> **Task statement**
Beginning at the line that contains "this 1797×1353 image.", write out each remaining line of the entries below exactly as it stands.

Referring expression grounding data
○ ○ ○
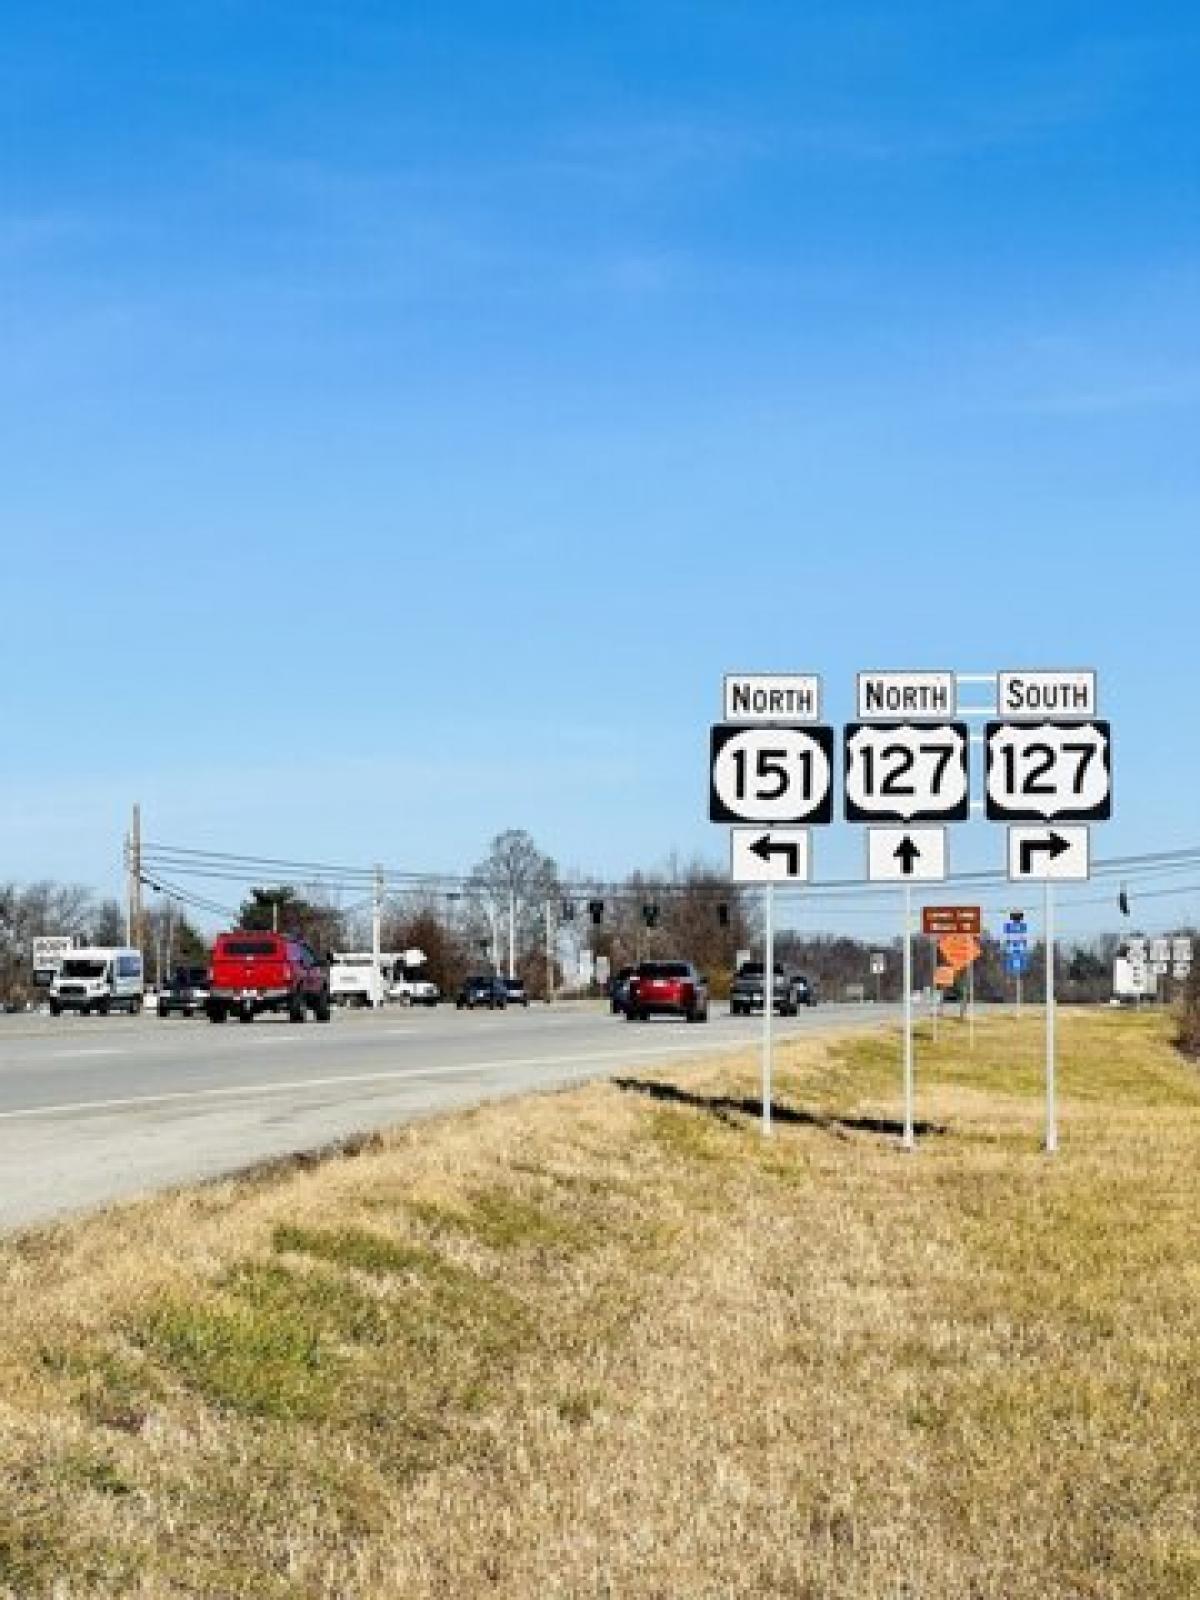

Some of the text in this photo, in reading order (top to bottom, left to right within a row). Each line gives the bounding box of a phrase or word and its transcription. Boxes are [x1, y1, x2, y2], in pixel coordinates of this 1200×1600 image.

[732, 682, 813, 713] NORTH
[865, 680, 947, 709] NORTH
[1006, 678, 1089, 709] SOUTH
[732, 749, 813, 801] 151
[859, 743, 955, 797] 127
[1000, 742, 1097, 795] 127
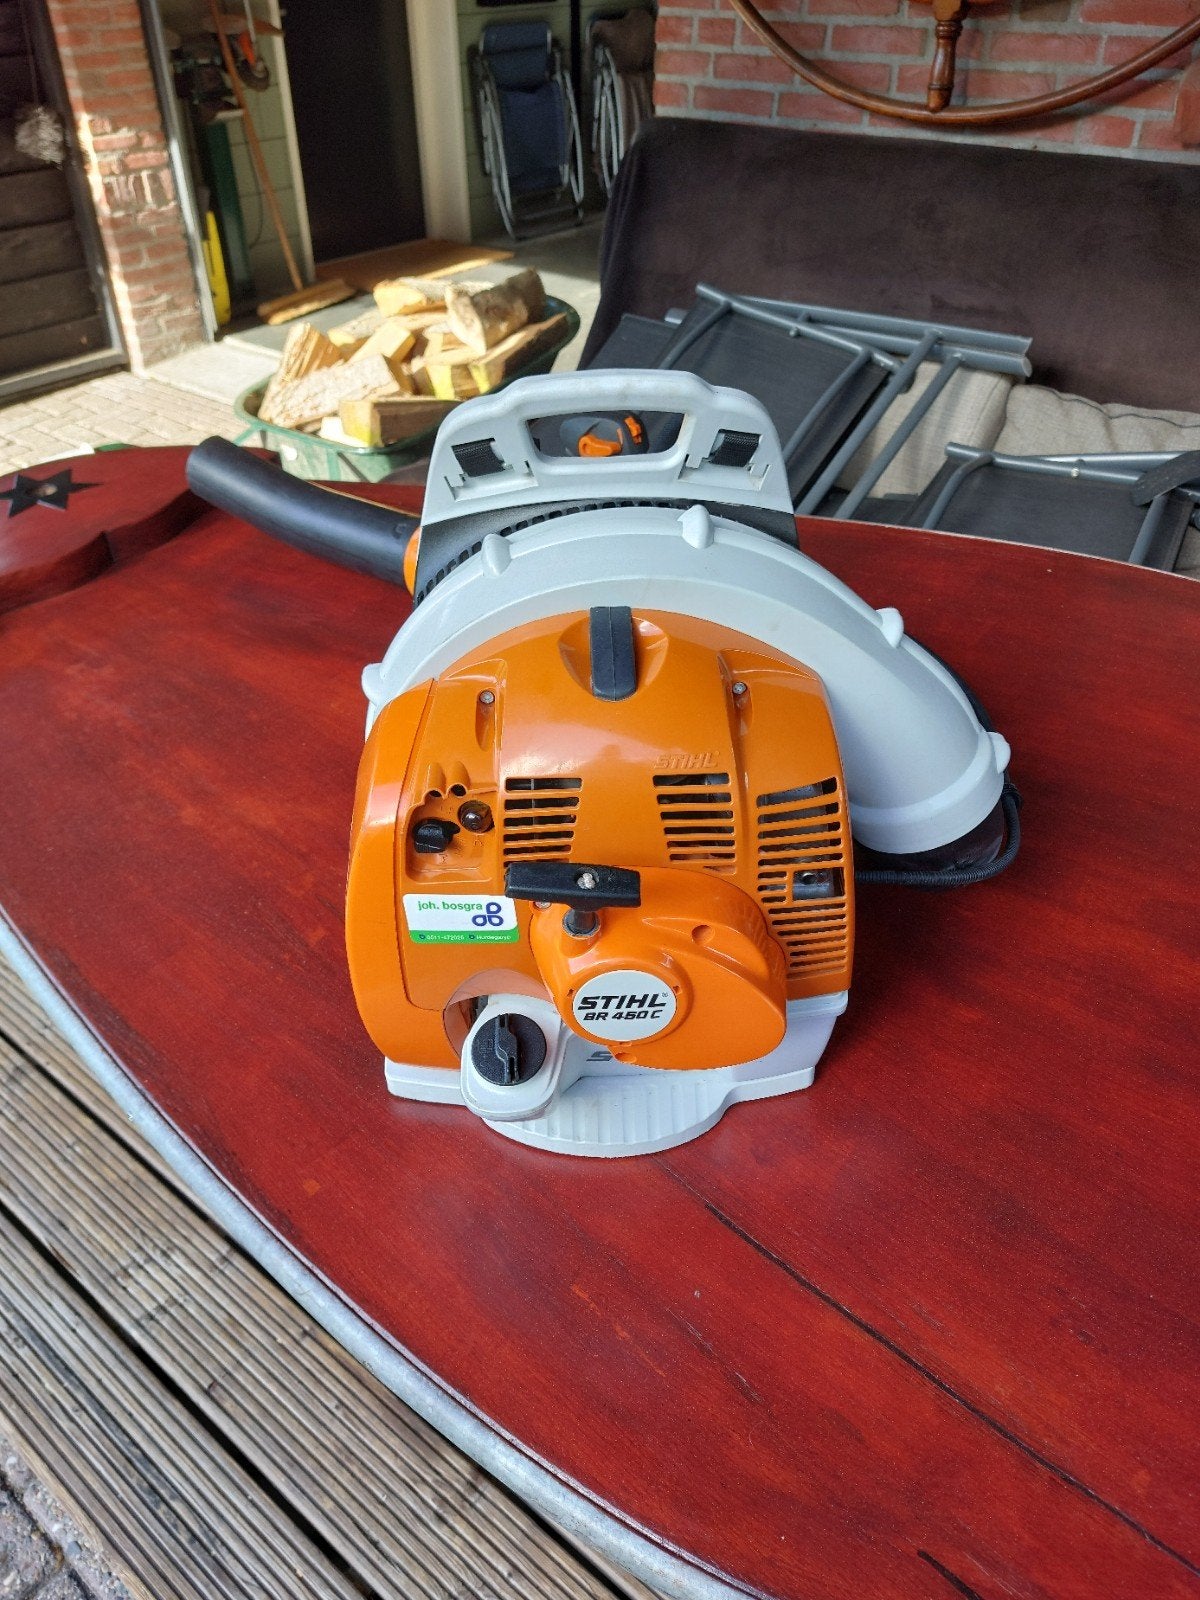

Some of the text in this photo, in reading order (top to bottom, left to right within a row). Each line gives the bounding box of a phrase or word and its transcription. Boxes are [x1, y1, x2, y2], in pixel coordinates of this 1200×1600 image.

[653, 752, 718, 769] STIHL
[418, 901, 483, 912] joh. bosgra
[583, 1011, 609, 1021] BR
[650, 1009, 663, 1019] C
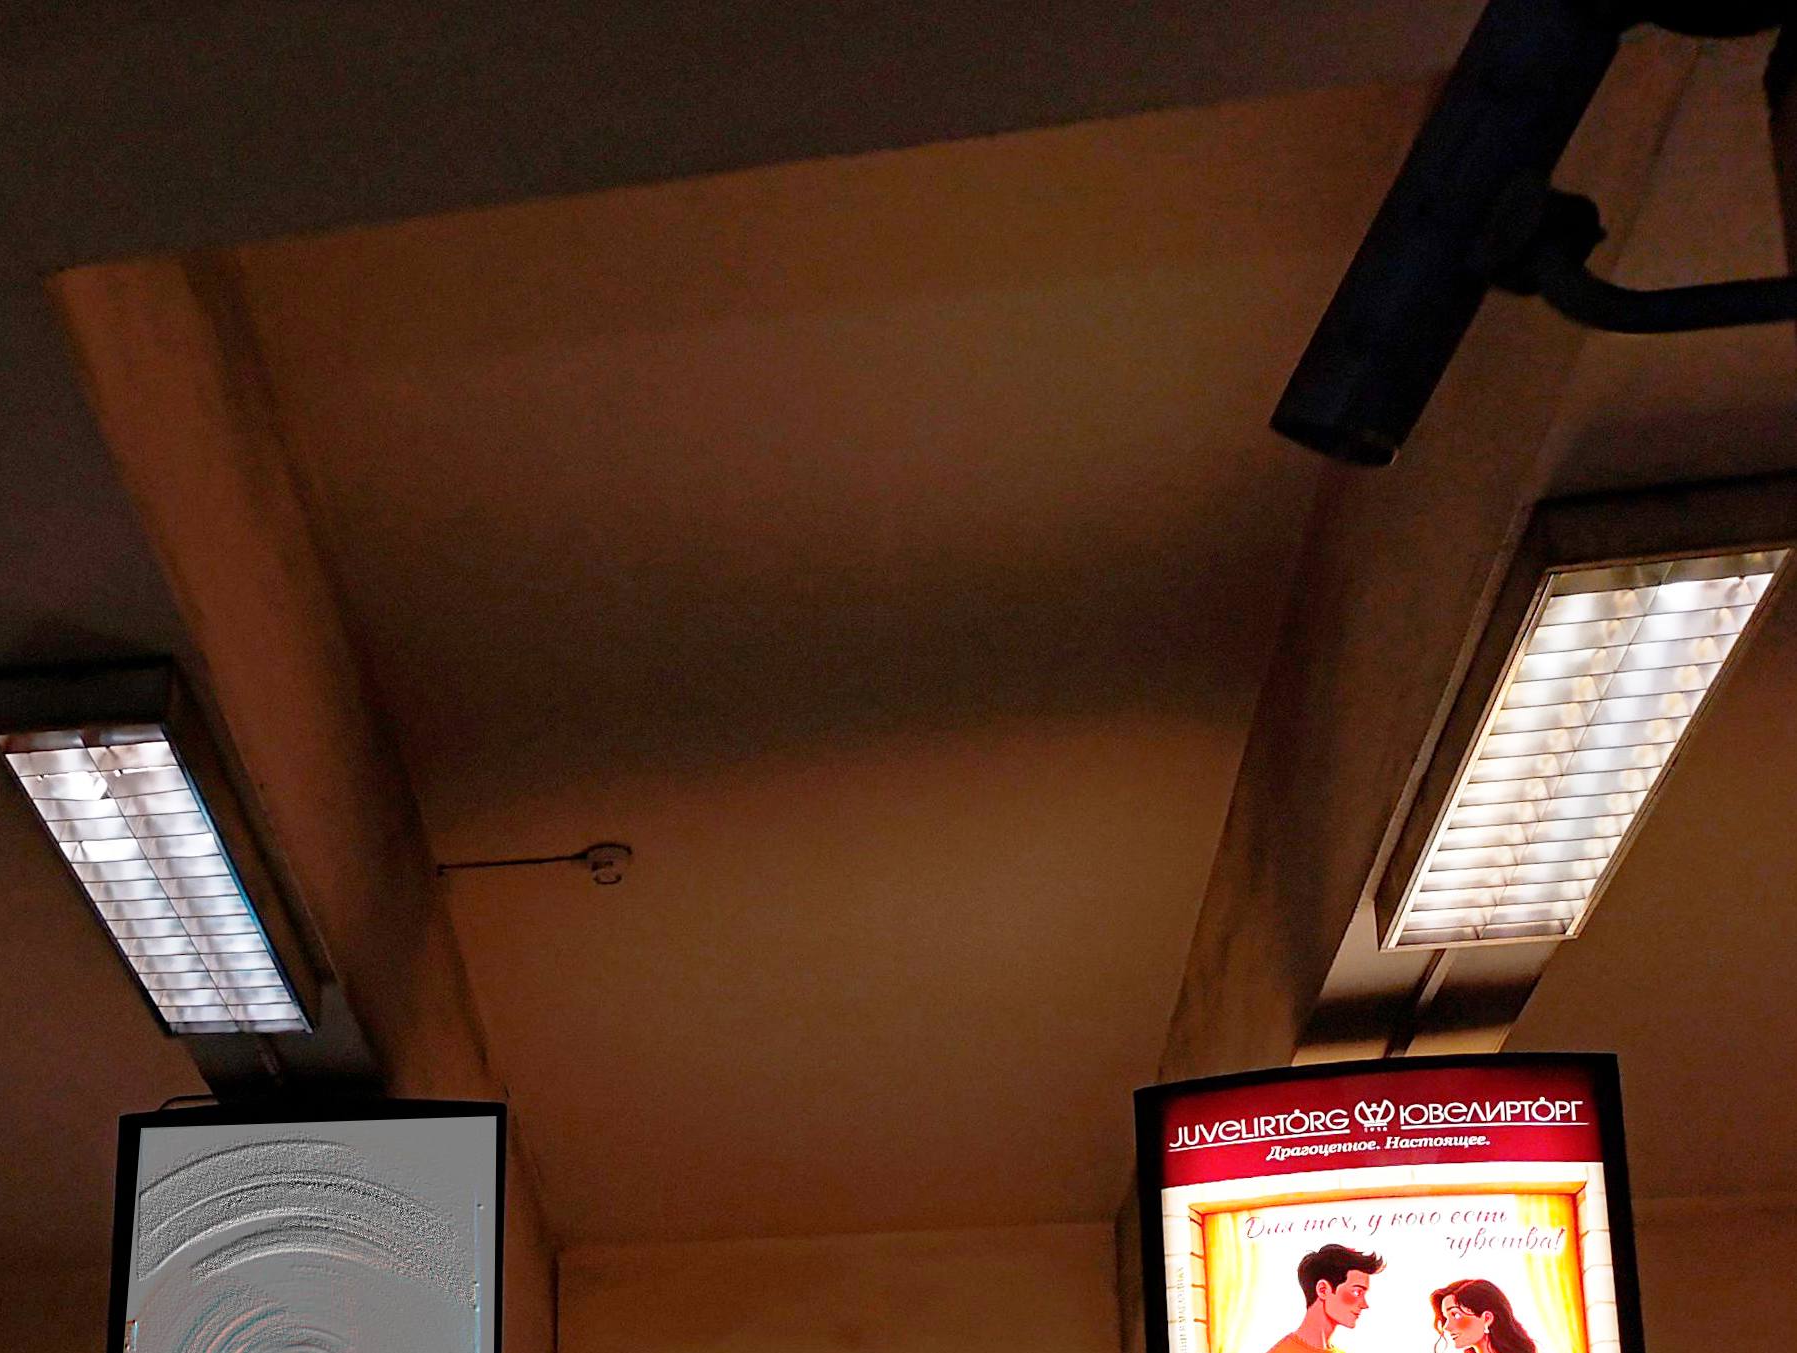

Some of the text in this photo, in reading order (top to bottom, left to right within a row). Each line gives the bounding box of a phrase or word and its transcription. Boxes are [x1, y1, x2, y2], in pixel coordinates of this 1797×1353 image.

[1265, 1136, 1491, 1161] Драгоценное. Настоящее.
[1245, 1209, 1507, 1239] Для тех, у кого есть
[1446, 1226, 1566, 1259] чувства!
○ ○ ○
> **Output**
Some of the text in this photo, in reading order (top to bottom, left to right within a row). Each line gives the bounding box of a phrase or word and its transcription. Boxes are [x1, y1, x2, y2], in pixel coordinates of this 1797×1353 image.

[1265, 1136, 1491, 1161] Драгоценное. Настоящее.
[1245, 1209, 1507, 1239] Для тех, у кого есть
[1446, 1226, 1566, 1259] чувства!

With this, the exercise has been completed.